Environment ministry says it's not persuaded pipeline company will respect noise levels to protect belugas

People demonstrate to save the belugas and stop the TransCanada Cacouna pipeline terminal project, outside the National Assembly in Quebec City. (Jacques Boissinot/Canadian Press)

Quebec's environment ministry is refusing to allow TransCanada to resume preliminary drilling work in Cacouna, saying it's not satisfied the oil-and-gas giant will respect the noise levels set to protect the local beluga population.

TransCanada had said that it expected to resume exploratory work tomorrow for its planned construction of a deep-water oil-shipping port at Cacouna, now that a temporary court injunction has expired.

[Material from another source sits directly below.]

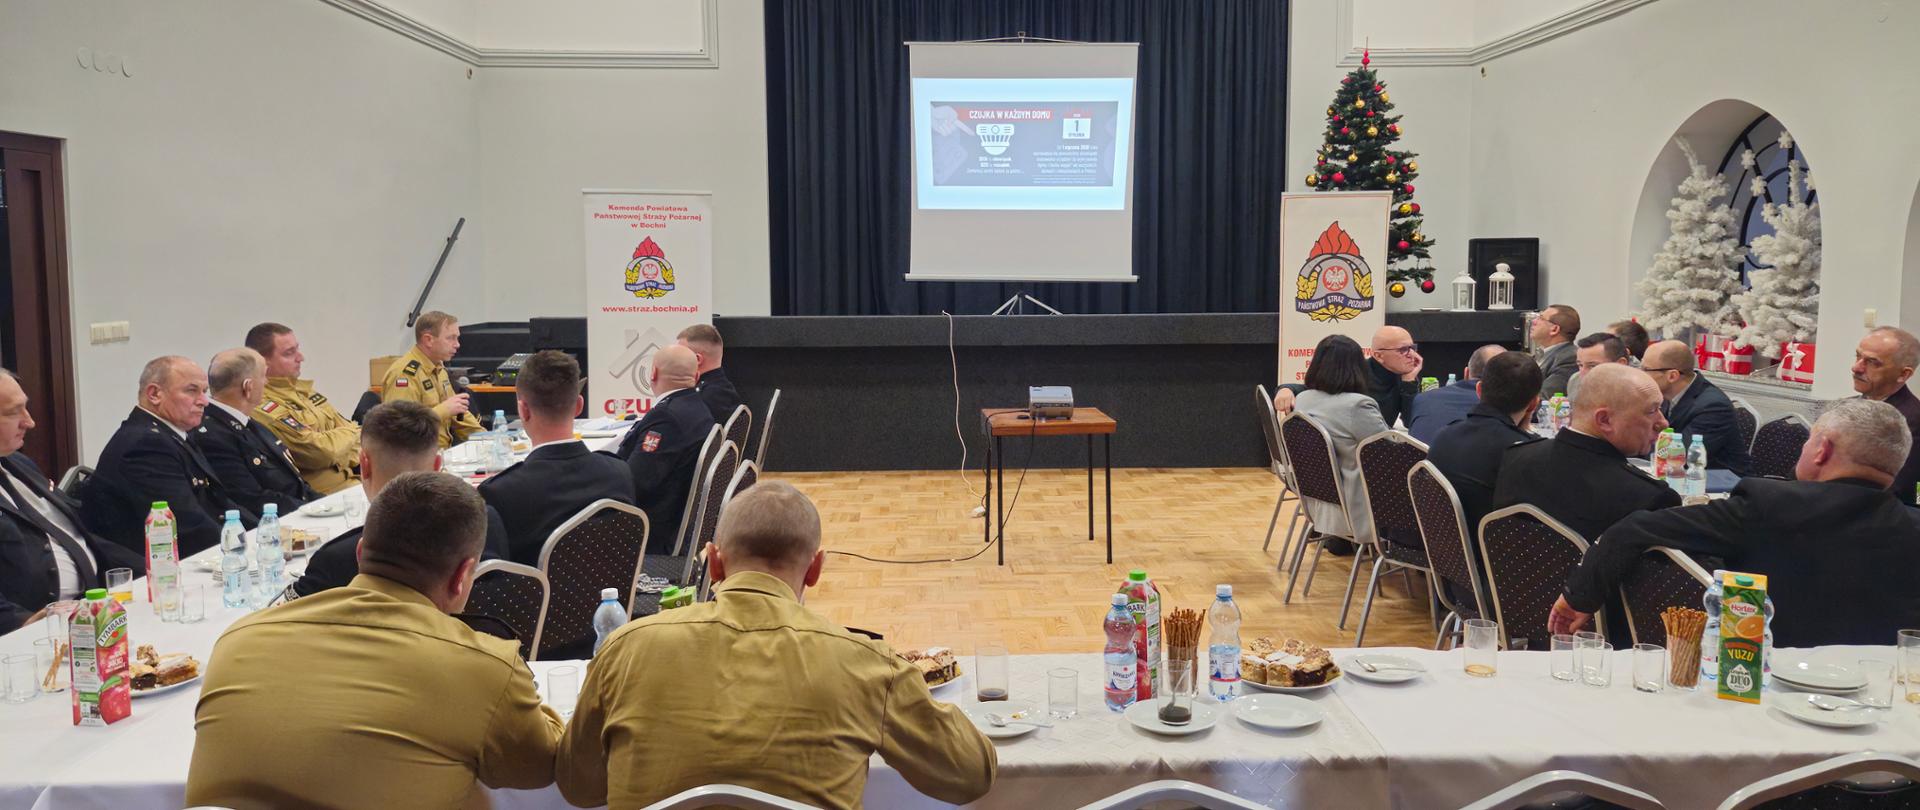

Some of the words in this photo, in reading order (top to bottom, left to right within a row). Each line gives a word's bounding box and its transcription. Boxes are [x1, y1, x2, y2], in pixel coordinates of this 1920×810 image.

The company said last Friday that it was complying with the province's demands, after the ministry issued a non-compliance order insisting that the company take further measures to reduce noise at the work site north of Rivière-du-Loup on Lower St. Lawrence.

The ministry also told the company Friday it had to further restrict boat traffic in the port, to limit potential disturbance to the belugas congregating in that part of the St. Lawrence River.

Environmental groups rallying

Environmental groups hoisted a large, inflatable beluga at a protest against the pipeline near the National Assembly on Wednesday. The groups were there to hand over an online petition against the Cacouna project with 32,000 names to Quebec Premier Philippe Couillard.

"What we're showing today is that there's no acceptability for this project in Quebec," said Patrick Bonin of the group Greenpeace.

"Since the permit was given under conditions that I describe as absolutely illegal and illegitimate, it should simply be abandoned and the company not allowed to resume drilling," said the scientific director of the National Institute of Ecotoxicology Saint-Laurent, Pierre Béland.  

Opponents of the project intend to be at the port of Cacouna once again on Thursday, to witness what happens next.

No comment from the minister

Environment Minister David Heurtel declined to answer reporters' questions about the TransCanada project as he left Wednesday's cabinet meeting.

However, some of his colleagues did comment.

"Our role is to see what are the pros and cons. And we still have almost a year to get an idea of ​ the whole project," said Pierre Arcand, the minister of energy and natural resources. 

The project is in the Rivière-du-Loup riding of Liberal MNA Jean d'Amour, who admits it's a divisive issue.

"TransCanada has a communication challenge with the community. And it's non-negotiable that TransCanada must comply with all requirements," he said.